▶ _TASK PROMPT_
Could you retype the records below exactly as they appear, skipping any pictures?

▶ _DATA RECORDS_
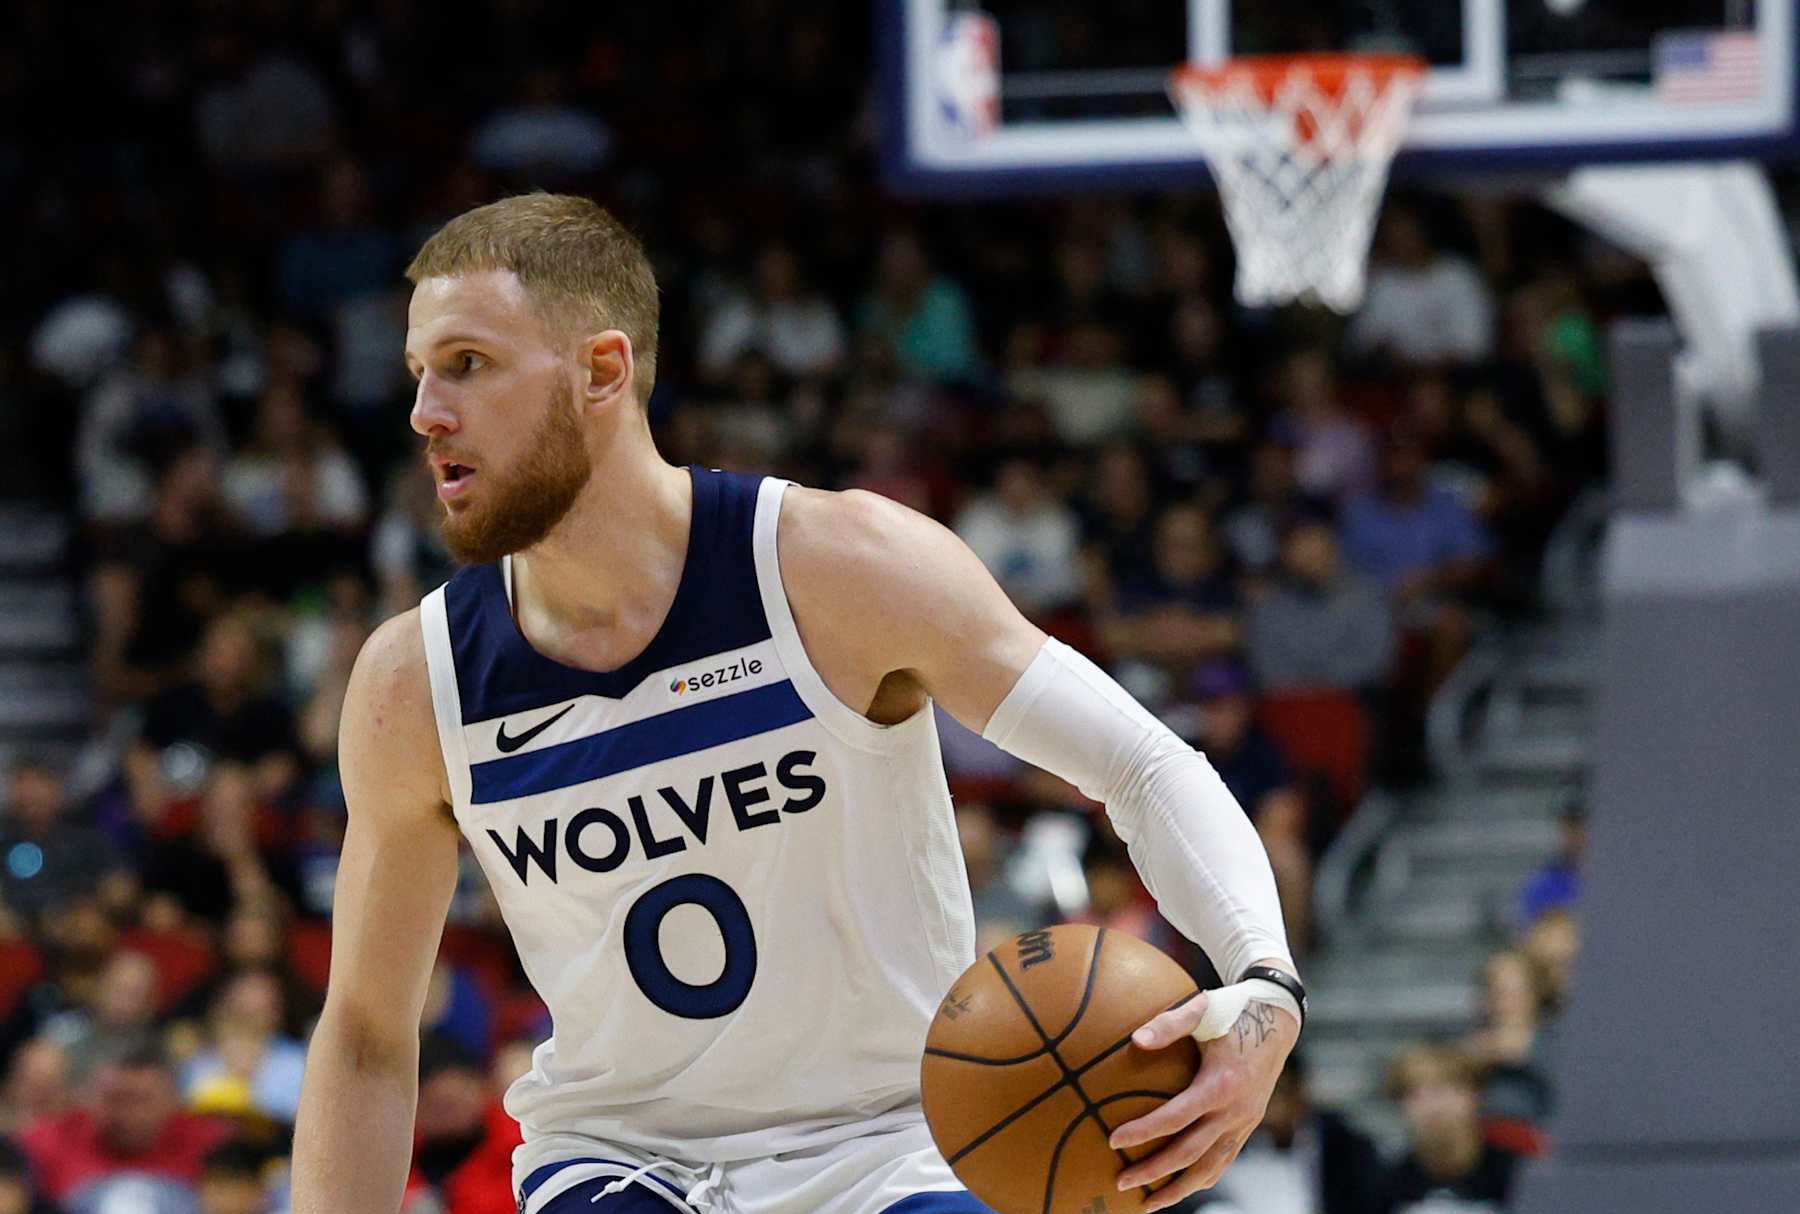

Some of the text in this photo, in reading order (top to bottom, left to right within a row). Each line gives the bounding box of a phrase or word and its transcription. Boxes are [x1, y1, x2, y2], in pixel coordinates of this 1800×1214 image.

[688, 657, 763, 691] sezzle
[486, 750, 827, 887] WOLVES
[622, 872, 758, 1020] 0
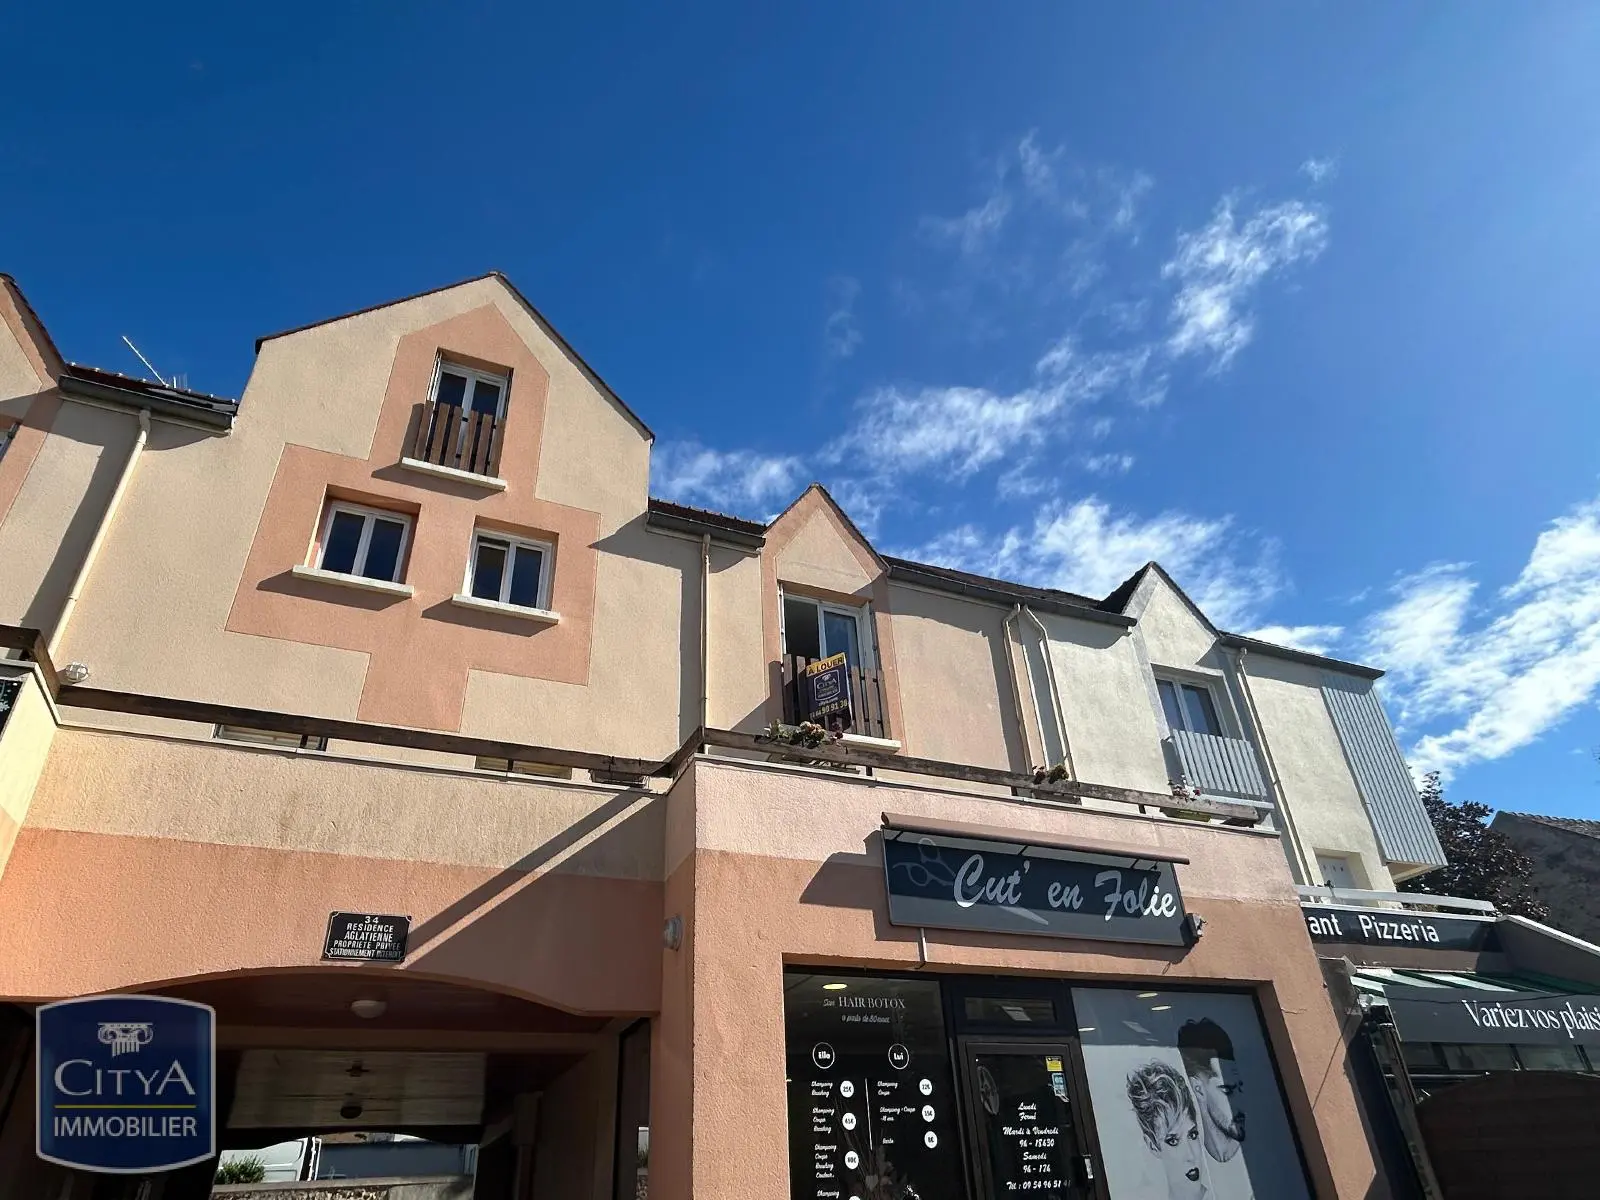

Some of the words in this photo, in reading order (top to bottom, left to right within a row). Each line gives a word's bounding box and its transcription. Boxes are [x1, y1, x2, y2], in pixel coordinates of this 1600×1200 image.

▶ _EXERCISE RESULT_
Some of the text in this photo, in reading order (top to bottom, left to right within a row). Each line gives the bounding box of a phrase or word and its transcription. Boxes are [x1, y1, x2, y2], in pixel coordinates of this 1800×1214 image.

[688, 657, 763, 691] sezzle
[486, 750, 827, 887] WOLVES
[622, 872, 758, 1020] 0

Some of the words in this photo, in reading order (top to bottom, left to right within a row). Each line gives a word's bounding box and its transcription. Boxes are [x1, y1, x2, y2], in pixel coordinates of this 1600×1200 image.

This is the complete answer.